* Exercise prompt *
From the first line to the last, repeat the data exactly but leave out the pictures.

* Available data *
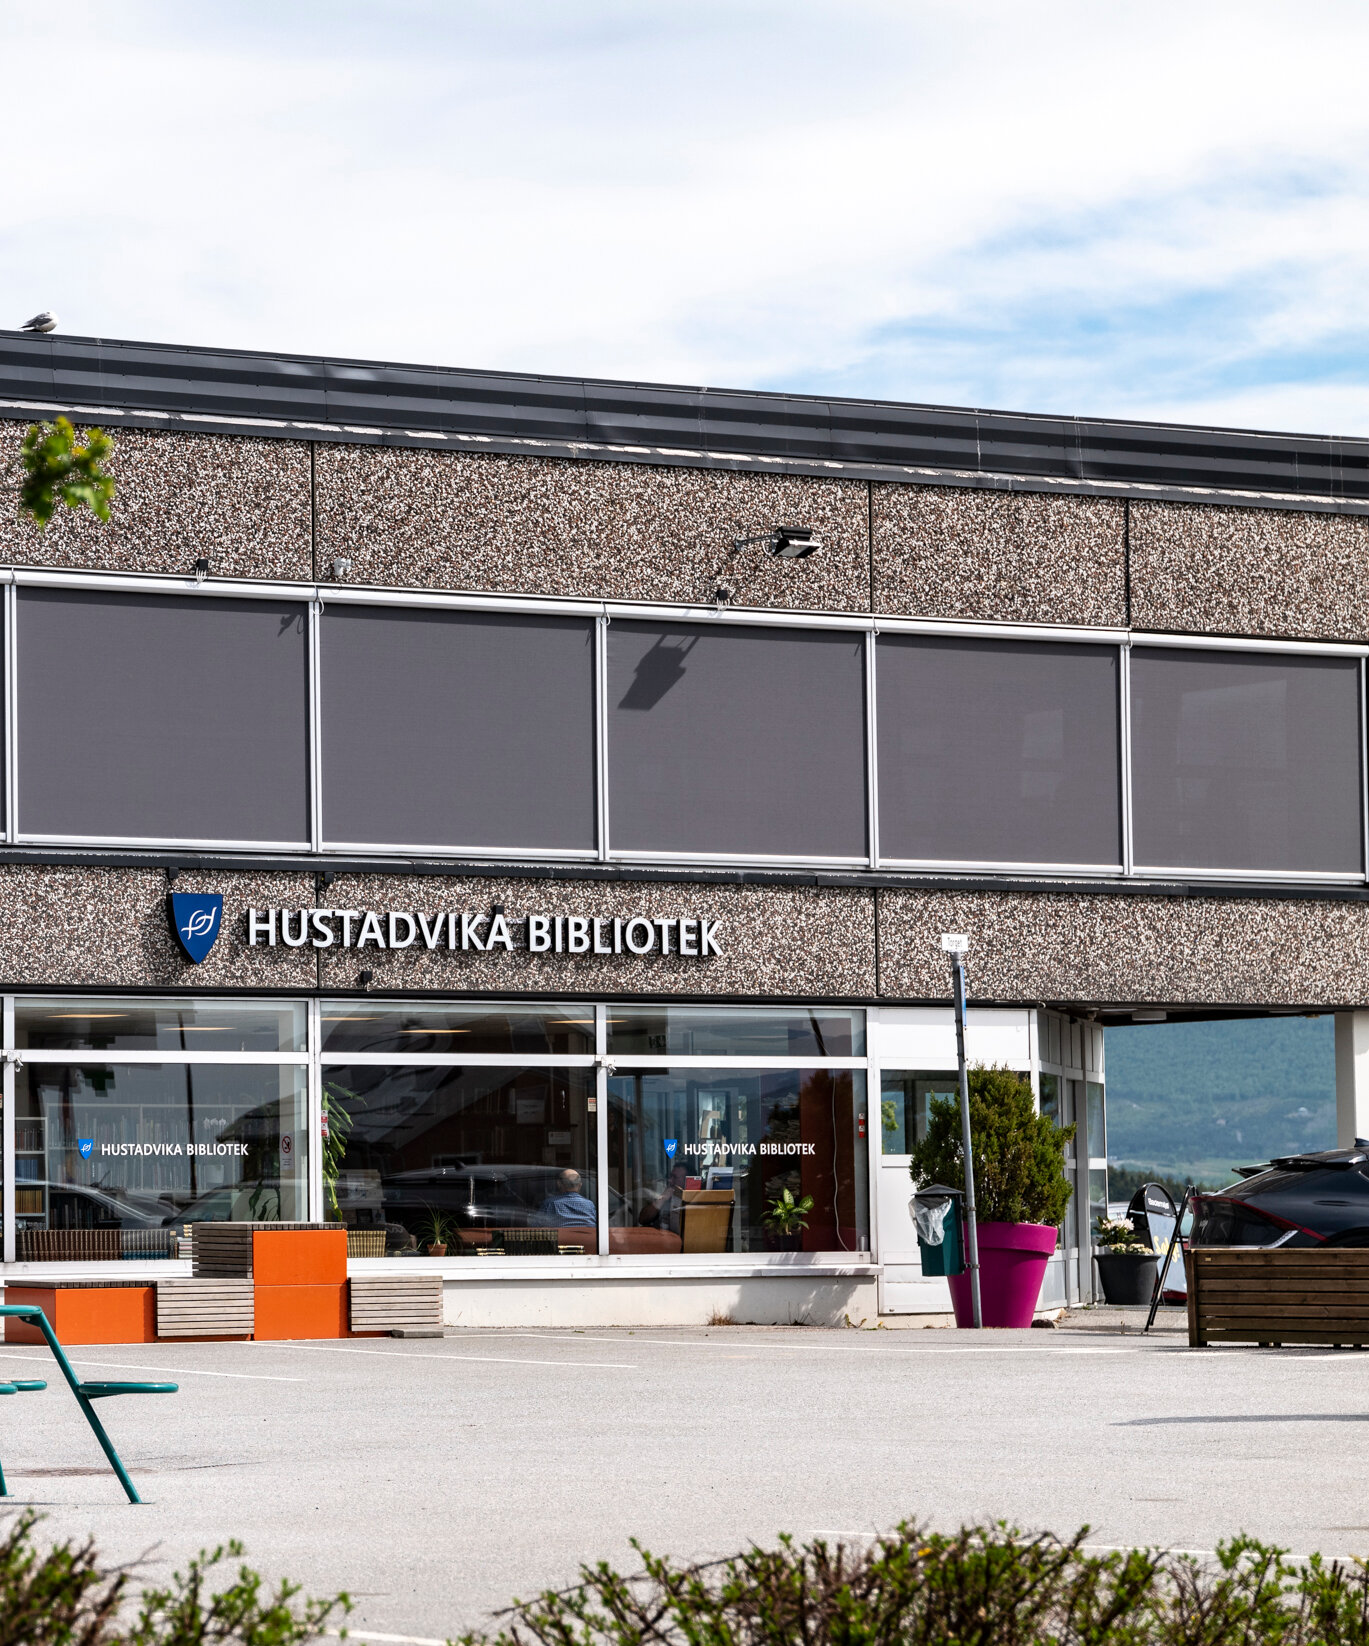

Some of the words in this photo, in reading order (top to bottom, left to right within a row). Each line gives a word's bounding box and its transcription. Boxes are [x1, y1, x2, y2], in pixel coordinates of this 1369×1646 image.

[248, 908, 514, 951] HUSTADVIKA
[529, 915, 725, 956] BIBLIOTEK
[101, 1143, 183, 1156] HUSTADVIKA
[186, 1143, 249, 1156] BIBLIOTEK
[684, 1143, 757, 1155] HUSTADVIKA
[760, 1143, 816, 1155] BIBLIOTEK

* Exercise solution *
Some of the words in this photo, in reading order (top to bottom, left to right within a row). Each line gives a word's bounding box and its transcription. Boxes are [x1, y1, x2, y2], in pixel coordinates of this 1369×1646 image.

[248, 908, 514, 951] HUSTADVIKA
[529, 915, 725, 956] BIBLIOTEK
[101, 1143, 183, 1156] HUSTADVIKA
[186, 1143, 249, 1156] BIBLIOTEK
[684, 1143, 757, 1155] HUSTADVIKA
[760, 1143, 816, 1155] BIBLIOTEK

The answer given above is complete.